Furthermore, it is important to highlight the occurrence of secondary instability after surgical spinal decompression, especially in older patients. Fox et al. suggested that radiologically confirmed secondary instability after spinal decompression is a common phenomenon that correlates with worse clinical outcomes or the necessity of additional fusion surgery [11]. Patients with preoperative instability signs, such as preoperative anterolisthesis or abnormal motion, on dynamic radiography, are at a higher risk of secondary instability after a spinal decompression procedure [16]. In our study, the mean follow-up was > 2 years, and no additional surgeries due to secondary instability were performed.

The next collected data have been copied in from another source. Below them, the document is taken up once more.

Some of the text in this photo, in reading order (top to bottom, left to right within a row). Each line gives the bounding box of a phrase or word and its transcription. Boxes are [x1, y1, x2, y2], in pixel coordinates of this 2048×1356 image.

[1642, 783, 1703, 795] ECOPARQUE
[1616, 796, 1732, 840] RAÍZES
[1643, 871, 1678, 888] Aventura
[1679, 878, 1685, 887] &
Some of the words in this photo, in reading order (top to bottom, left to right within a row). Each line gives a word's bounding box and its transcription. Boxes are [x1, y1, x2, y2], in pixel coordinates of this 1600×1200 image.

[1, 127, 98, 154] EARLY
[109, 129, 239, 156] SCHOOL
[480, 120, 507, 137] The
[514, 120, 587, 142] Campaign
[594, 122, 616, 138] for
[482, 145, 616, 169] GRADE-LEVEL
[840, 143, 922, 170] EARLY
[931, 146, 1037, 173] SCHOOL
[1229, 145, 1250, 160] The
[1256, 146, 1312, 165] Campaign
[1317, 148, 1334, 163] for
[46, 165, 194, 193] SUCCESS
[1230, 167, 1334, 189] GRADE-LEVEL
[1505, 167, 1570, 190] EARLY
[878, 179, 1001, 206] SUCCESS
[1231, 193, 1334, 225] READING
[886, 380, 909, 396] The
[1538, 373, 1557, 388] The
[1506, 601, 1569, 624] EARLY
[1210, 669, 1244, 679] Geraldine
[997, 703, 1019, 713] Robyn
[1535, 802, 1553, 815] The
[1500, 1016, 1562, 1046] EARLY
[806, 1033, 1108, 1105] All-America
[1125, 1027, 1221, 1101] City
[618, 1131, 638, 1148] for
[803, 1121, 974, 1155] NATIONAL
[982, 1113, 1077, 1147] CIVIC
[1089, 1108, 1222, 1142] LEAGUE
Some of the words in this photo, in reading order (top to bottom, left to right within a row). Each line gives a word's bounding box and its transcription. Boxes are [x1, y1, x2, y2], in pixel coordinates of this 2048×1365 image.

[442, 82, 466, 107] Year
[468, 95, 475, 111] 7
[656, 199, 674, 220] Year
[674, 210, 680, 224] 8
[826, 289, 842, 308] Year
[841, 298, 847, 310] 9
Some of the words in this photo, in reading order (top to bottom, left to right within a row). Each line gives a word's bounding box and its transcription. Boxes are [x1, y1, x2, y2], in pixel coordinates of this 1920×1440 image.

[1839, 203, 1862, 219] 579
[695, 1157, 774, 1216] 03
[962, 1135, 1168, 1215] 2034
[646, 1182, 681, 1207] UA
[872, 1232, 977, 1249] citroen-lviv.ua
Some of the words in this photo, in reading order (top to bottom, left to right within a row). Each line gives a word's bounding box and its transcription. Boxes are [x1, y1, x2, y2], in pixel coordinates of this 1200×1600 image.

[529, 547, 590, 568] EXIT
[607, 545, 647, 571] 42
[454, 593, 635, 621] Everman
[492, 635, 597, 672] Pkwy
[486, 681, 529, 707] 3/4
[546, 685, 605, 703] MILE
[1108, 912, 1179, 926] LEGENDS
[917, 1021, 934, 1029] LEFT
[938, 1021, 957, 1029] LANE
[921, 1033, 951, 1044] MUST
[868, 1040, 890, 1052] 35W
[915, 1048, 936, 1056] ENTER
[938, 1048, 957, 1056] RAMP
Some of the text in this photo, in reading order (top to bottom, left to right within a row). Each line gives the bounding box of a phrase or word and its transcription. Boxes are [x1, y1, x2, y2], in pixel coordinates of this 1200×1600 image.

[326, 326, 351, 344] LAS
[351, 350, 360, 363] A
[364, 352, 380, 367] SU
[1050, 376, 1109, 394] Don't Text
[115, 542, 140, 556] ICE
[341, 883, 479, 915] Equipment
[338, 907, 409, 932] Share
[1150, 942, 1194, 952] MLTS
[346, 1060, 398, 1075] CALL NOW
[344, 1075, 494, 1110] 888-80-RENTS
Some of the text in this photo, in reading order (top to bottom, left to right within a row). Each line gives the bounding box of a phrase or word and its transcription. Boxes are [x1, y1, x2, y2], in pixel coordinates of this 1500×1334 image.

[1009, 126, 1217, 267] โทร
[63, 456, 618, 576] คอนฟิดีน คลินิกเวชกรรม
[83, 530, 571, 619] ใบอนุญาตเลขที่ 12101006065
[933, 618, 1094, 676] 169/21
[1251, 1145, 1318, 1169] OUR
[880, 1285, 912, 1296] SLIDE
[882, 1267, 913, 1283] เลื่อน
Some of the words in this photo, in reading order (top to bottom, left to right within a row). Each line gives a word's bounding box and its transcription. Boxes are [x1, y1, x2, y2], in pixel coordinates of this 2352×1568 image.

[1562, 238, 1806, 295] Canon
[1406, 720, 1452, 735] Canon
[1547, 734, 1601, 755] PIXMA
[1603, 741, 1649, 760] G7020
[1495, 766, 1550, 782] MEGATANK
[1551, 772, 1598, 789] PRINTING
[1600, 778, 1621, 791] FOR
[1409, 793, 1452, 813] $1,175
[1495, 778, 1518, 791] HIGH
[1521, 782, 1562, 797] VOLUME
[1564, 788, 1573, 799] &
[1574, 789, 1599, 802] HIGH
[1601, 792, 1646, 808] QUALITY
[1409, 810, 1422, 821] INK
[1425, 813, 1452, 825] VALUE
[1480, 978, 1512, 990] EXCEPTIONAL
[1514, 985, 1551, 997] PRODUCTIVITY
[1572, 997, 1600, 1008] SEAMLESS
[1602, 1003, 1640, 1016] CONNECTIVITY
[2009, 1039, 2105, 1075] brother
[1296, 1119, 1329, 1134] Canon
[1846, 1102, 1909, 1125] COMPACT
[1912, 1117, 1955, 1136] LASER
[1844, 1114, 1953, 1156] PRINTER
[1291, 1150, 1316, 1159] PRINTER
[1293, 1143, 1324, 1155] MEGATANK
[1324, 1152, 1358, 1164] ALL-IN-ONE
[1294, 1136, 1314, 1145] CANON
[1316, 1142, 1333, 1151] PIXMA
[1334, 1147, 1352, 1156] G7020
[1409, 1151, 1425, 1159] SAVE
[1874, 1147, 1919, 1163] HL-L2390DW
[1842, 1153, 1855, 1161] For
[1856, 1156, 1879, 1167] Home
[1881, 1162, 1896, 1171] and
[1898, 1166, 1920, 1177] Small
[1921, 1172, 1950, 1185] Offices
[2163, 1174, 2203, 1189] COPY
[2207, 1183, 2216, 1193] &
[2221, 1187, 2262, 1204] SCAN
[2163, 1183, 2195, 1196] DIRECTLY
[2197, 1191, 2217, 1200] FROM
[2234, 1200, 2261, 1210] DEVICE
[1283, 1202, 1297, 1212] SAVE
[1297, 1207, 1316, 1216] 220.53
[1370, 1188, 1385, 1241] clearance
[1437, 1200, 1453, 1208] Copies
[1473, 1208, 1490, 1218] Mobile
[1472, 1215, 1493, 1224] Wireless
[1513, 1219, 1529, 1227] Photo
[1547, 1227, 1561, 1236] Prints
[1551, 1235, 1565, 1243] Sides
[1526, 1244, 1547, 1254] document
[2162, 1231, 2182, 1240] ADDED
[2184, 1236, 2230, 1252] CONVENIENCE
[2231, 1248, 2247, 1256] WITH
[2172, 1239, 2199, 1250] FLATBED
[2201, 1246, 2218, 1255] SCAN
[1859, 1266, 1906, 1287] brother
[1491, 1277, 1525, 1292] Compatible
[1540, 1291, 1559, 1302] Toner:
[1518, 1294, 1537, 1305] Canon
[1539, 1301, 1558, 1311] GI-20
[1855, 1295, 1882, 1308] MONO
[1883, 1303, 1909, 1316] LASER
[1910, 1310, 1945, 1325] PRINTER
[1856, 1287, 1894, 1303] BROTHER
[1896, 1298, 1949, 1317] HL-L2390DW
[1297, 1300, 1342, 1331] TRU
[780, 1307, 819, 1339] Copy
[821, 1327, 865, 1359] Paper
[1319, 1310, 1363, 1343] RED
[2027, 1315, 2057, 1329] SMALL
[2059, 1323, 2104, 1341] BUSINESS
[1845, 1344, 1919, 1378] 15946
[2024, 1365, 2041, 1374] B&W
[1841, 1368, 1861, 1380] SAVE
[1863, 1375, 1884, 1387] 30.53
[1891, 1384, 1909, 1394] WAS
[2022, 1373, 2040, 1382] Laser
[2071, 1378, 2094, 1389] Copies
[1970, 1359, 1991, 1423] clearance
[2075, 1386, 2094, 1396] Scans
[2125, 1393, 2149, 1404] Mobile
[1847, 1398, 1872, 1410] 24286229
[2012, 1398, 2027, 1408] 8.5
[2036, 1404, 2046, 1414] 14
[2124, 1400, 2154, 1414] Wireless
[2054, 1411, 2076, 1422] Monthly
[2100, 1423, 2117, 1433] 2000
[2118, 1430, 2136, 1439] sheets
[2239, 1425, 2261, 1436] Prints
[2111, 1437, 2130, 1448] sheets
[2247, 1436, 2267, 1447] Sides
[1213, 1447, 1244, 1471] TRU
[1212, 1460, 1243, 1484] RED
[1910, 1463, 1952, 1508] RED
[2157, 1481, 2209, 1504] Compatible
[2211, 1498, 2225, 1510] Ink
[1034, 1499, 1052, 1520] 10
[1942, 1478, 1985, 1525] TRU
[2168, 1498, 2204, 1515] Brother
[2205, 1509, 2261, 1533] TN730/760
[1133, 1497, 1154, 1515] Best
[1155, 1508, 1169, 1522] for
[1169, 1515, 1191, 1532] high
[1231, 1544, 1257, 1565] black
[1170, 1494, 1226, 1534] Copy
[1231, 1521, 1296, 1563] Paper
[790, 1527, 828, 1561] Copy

We believe that advances in surgical techniques over the past decade, allowing adequate decompression with minimal disruption to the surrounding stabilizing factors, and the exclusion of patients with preoperative instability signs could have been reasons for the lack of revision surgeries in such a frail cohort. Nevertheless, a quite frequent phenomenon observed in older adults is the progressive degeneration of the spine as well as the spontaneous fusion, which might have contributed to higher rates of stability [4].
Strengths and limitations
The main strength of the current study is that we are the first to examine the outcomes of octogenarians undergoing surgery for SEA. However, this study has some limitations. First, we examined a relatively small cohort of patients. Nevertheless, since there is a lack of robust evidence of the clinical course of such a devastating disease in older individuals, we believe that our findings greatly clarify the clinical picture. Second, the minimum follow-up period of 12 months was relatively short; by gathering long-term data, other relevant findings not captured in the current study might have been revealed. Third, as this is a retrospective study, selection bias may have been present. Larger studies might be needed to elucidate potential candidates for non-operative management with antibiotic therapy only.